Cleveland Clinic (March 9, 2023) – Nephrologist Sevag Demirjian, MD takes you through the history of dialysis and explain discoveries and innovations along the way.
What is dialysis?
Dialysis is a treatment for people whose kidneys are failing. When you have kidney failure, your kidneys don’t filter blood the way they should. As a result, wastes and toxins build up in your bloodstream. Dialysis does the work of your kidneys, removing waste products and excess fluid from the blood.
Who needs dialysis?
People who have kidney failure, or end-stage renal disease (ESRD), may need dialysis. Injuries and conditions like high blood pressure, diabetes and lupus can damage kidneys, leading to kidney disease.

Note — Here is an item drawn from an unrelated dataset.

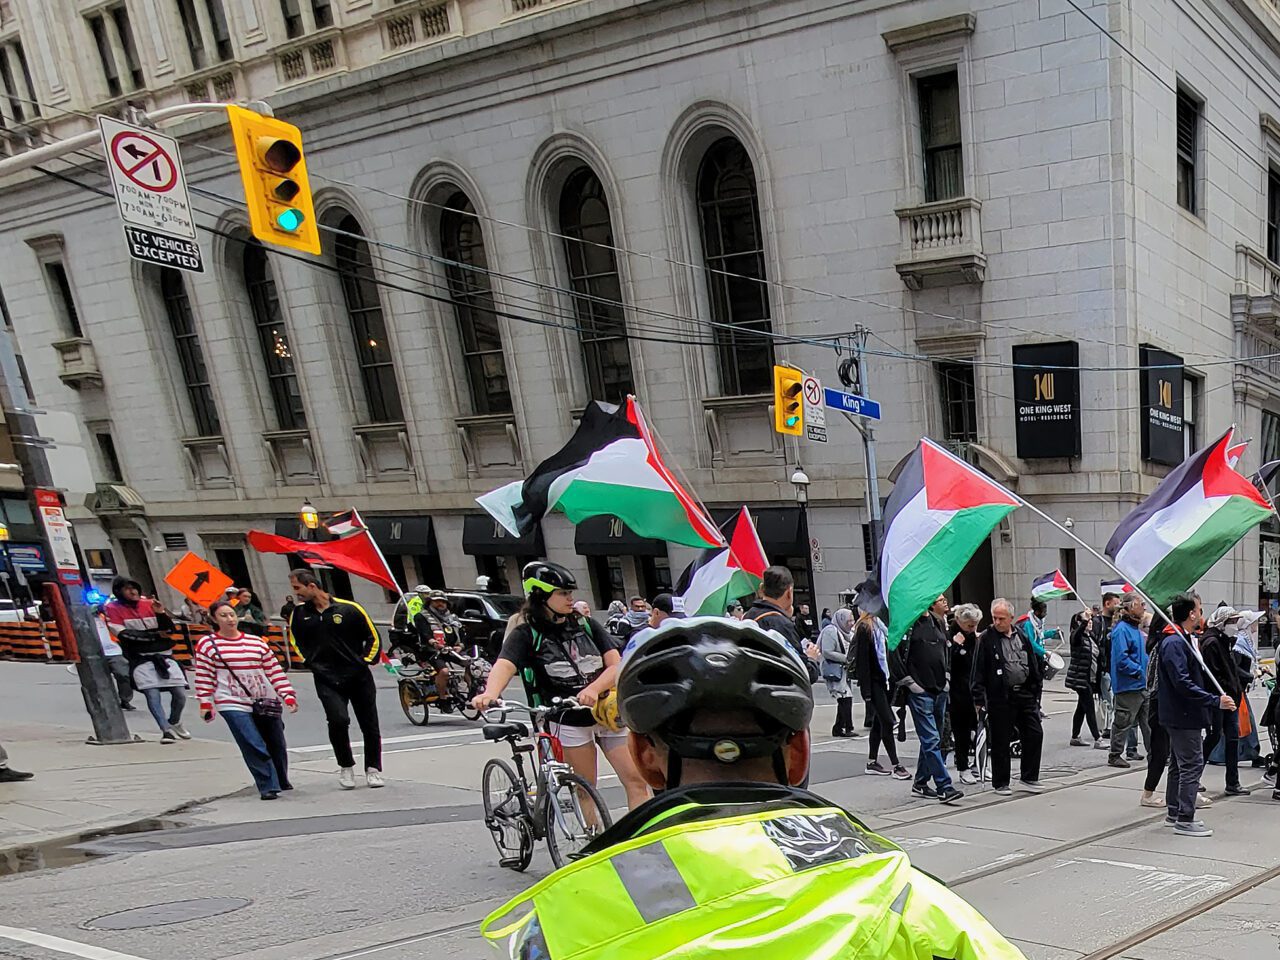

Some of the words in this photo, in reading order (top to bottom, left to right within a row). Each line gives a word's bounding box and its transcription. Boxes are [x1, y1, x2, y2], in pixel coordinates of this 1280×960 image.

Some people develop kidney problems for no known reason. Kidney failure can be a long-term condition, or it can come on suddenly (acute) after a severe illness or injury. This type of kidney failure may go away as you recover.
There are five stages of kidney disease. In stage 5 kidney disease, healthcare providers consider you to be in end-stage renal disease (ESRD) or kidney failure. At this point, kidneys are carrying out around 10% to 15% of their normal function. You may need dialysis or a kidney transplant to stay alive. Some people undergo dialysis while waiting for a transplant.